(Stored items)
***

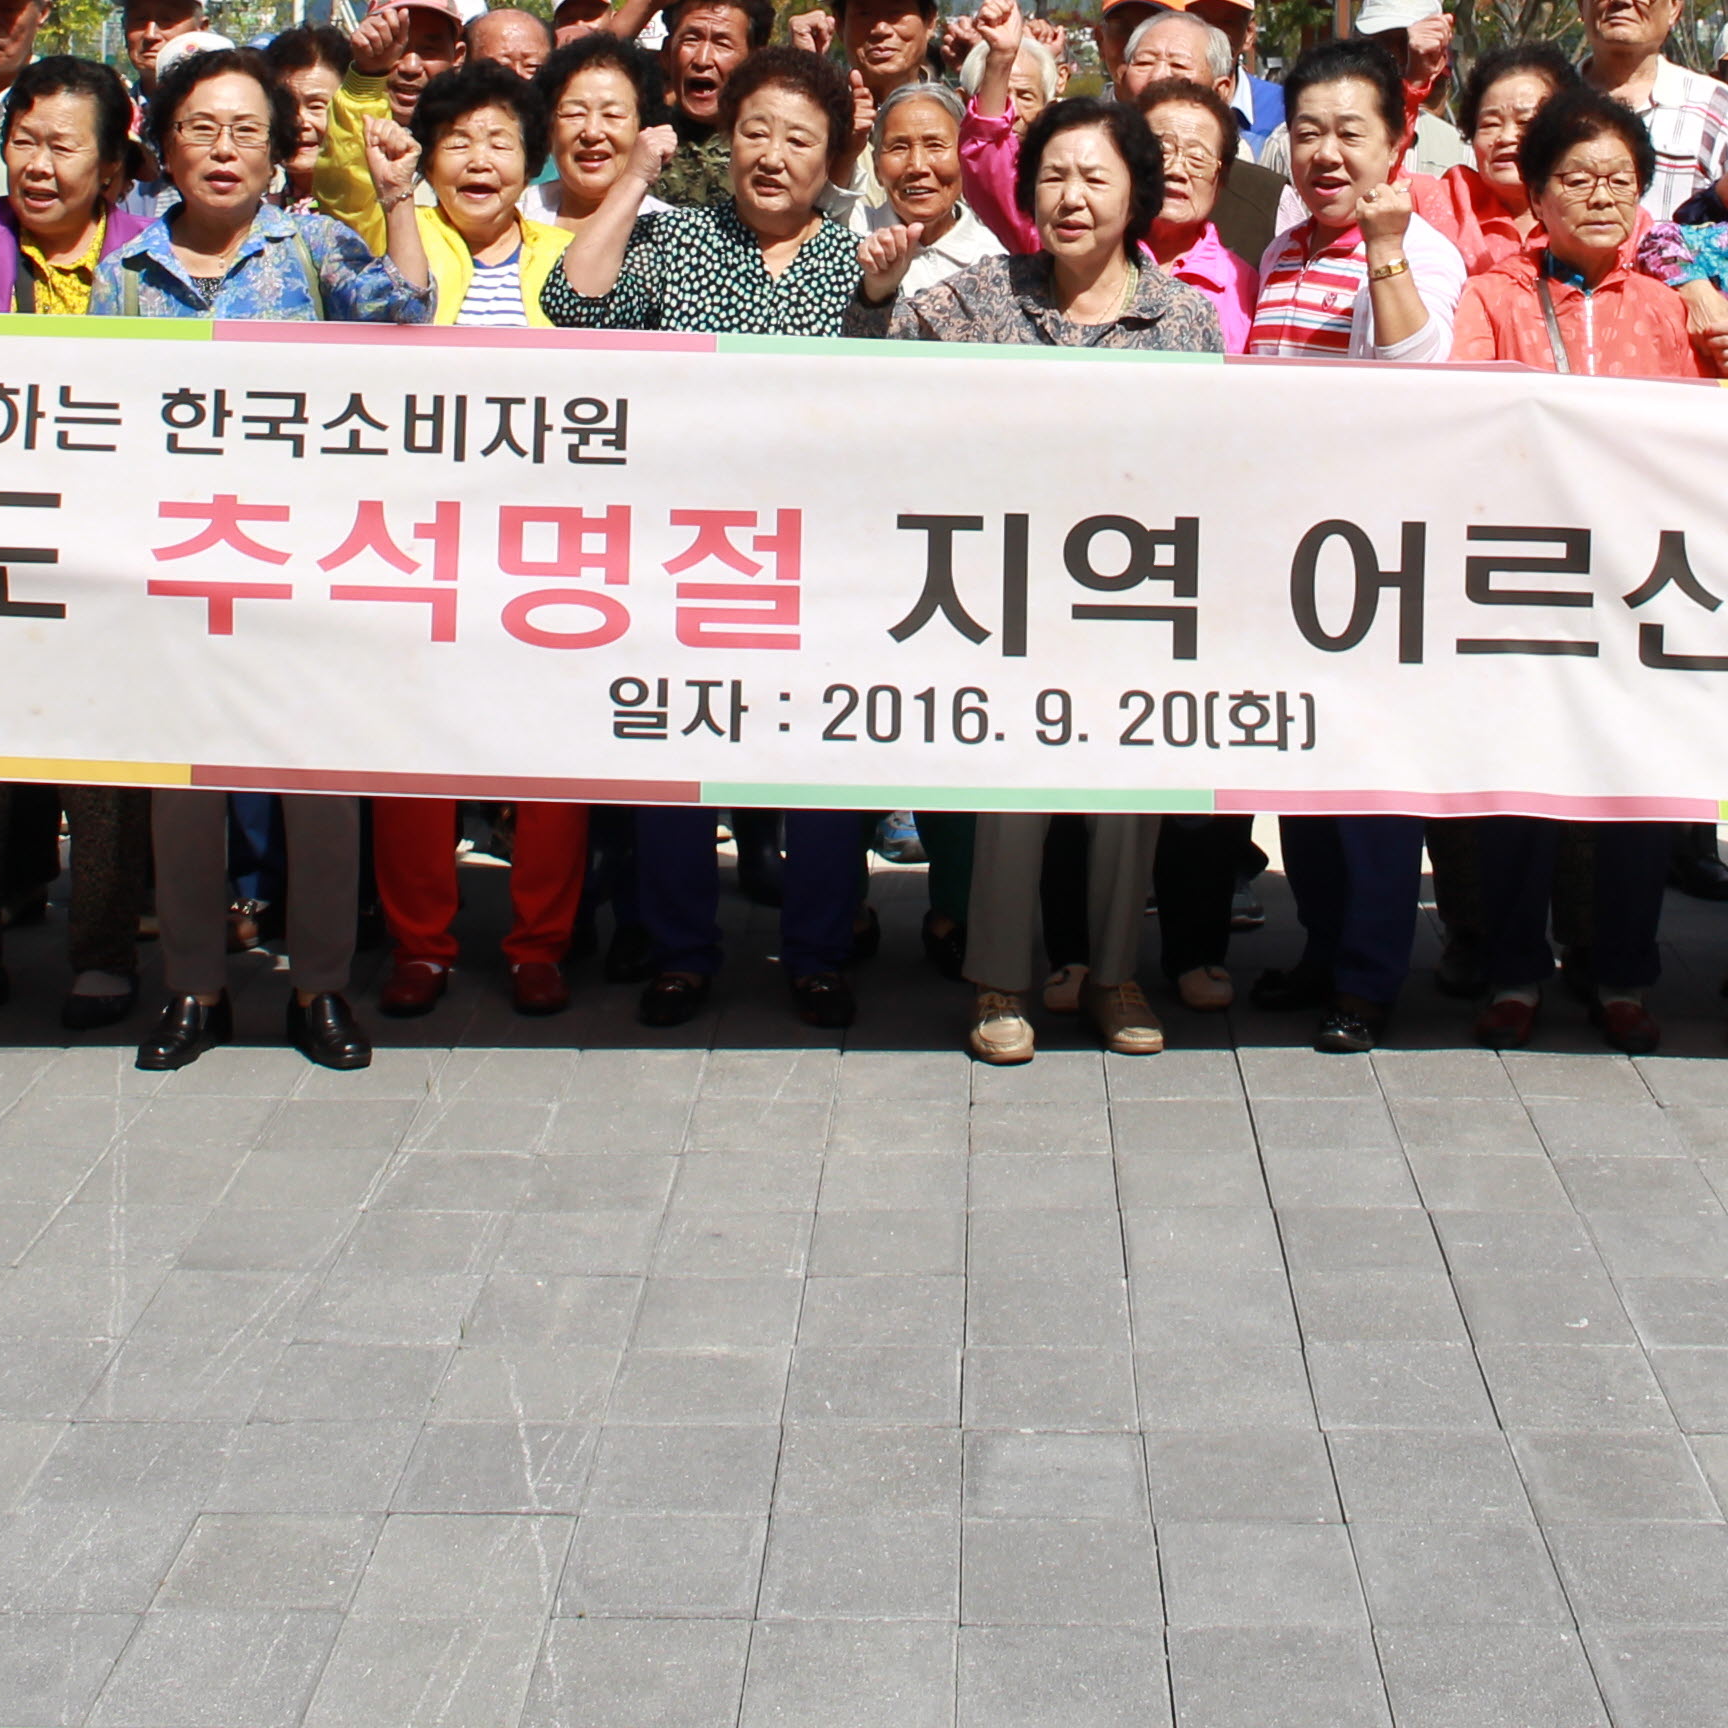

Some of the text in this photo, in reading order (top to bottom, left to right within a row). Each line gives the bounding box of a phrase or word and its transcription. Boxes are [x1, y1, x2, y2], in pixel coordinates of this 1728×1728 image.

[161, 387, 629, 466] 한국소비자원
[147, 494, 803, 651] 추석명절
[887, 512, 1201, 661] 지역
[609, 676, 749, 743] 일자
[822, 683, 1006, 745] 2016.
[1035, 688, 1090, 746] 9.
[1118, 689, 1317, 752] 20(화)

***

[ASSIGNMENT] From the first record above to the last, output each one exactly and omit the pictures.

[PROBLEM SOLUTION]
Some of the text in this photo, in reading order (top to bottom, left to right within a row). Each line gives the bounding box of a phrase or word and its transcription. Boxes are [x1, y1, x2, y2], in pixel coordinates of this 1728×1728 image.

[161, 387, 629, 466] 한국소비자원
[147, 494, 803, 651] 추석명절
[887, 512, 1201, 661] 지역
[609, 676, 749, 743] 일자
[822, 683, 1006, 745] 2016.
[1035, 688, 1090, 746] 9.
[1118, 689, 1317, 752] 20(화)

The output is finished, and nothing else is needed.